[WORLD] A question as old as humanity itself—why do we help others?—is being re-examined through the lens of neuroscience by an international team of researchers. Their latest findings, published in the Proceedings of the National Academy of Sciences (PNAS), identify a key region in the brain that may underpin prosocial behavior.
At the center of this inquiry is the basolateral amygdala, a structure deep within the limbic system. This brain region appears to play a pivotal role in shaping how we relate to those around us.
Thanks to recent advances in neuroimaging, scientists are now able to map the amygdala’s complex networks with exceptional precision. These maps reveal that the basolateral amygdala is far from isolated—it maintains active communication with the prefrontal cortex, an area known for decision-making and impulse regulation. This neural dialogue suggests that acts of altruism may result from a finely tuned balance between emotional response and rational evaluation.
The study, led by Professor Tobias Kalenscher of Heinrich Heine University in Düsseldorf, was carried out in collaboration with institutions in Lausanne, Utrecht, and Cape Town. It focused on a rare neurological disorder: Urbach-Wiethe disease.
This genetic condition specifically damages the basolateral amygdala, while sparing other parts of the brain. Caused by mutations in the ECM1 gene, the disorder leads to calcium deposits in the skin and brain. While its physical symptoms—such as skin lesions and hoarseness—are well documented, its psychological and social effects are less understood.
Researchers chose to conduct the study in Namaqualand, a remote region of South Africa, where the condition is unusually prevalent. The area’s close-knit community and high concentration of Urbach-Wiethe cases offered a unique opportunity to observe how brain differences influence social behavior in a natural setting.
To investigate, scientists employed a method familiar to behavioral economists: the “dictator game.” In this experiment, participants are given money and must decide how much, if any, to give to another person—whether a family member, neighbor, or stranger.
The outcomes were revealing. Individuals with Urbach-Wiethe syndrome displayed typical levels of generosity toward close relations. However, their willingness to share dropped significantly when interacting with less familiar individuals.
This pattern suggests a disruption in the brain’s ability to scale social behavior based on emotional closeness.
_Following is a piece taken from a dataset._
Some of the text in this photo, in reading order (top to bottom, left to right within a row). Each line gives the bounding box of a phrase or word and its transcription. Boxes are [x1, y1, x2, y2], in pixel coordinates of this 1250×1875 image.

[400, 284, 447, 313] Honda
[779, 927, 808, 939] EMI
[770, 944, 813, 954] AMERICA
It aligns with prior studies showing the amygdala’s role in assessing threat and emotional salience—abilities thought to underpin social risk-taking, such as generosity toward strangers.
“Individuals with BLA damage were just as generous toward people they were close to as healthy control participants,” said Luca M. Lüpken, a doctoral candidate and co-author of the study. “However, as soon as it came to individuals with whom they had less of an emotional connection, they were notably more selfish.”
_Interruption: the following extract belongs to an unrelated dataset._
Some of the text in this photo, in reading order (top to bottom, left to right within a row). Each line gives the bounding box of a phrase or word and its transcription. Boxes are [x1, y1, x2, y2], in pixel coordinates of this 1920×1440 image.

The findings underscore the amygdala’s regulatory function: not as a direct source of generosity, but as a modulator that helps determine to whom generosity is extended. When this function is impaired, social behaviors can become more self-serving.
Such insights may also shed light on neuropsychiatric conditions—like autism or psychopathy—where deviations from typical social behavior are common. Understanding the neural mechanisms that govern altruism could eventually lead to interventions aimed at restoring social functioning.
For Professor Kalenscher, the implications are far-reaching: “Social decisions are not only shaped by our upbringing or culture. They are in fact also strongly anchored in the mechanisms of our brain,” he noted.
This growing understanding of the biological roots of altruism offers not only potential therapeutic avenues but also a deeper reflection on the foundations of a compassionate and inclusive society.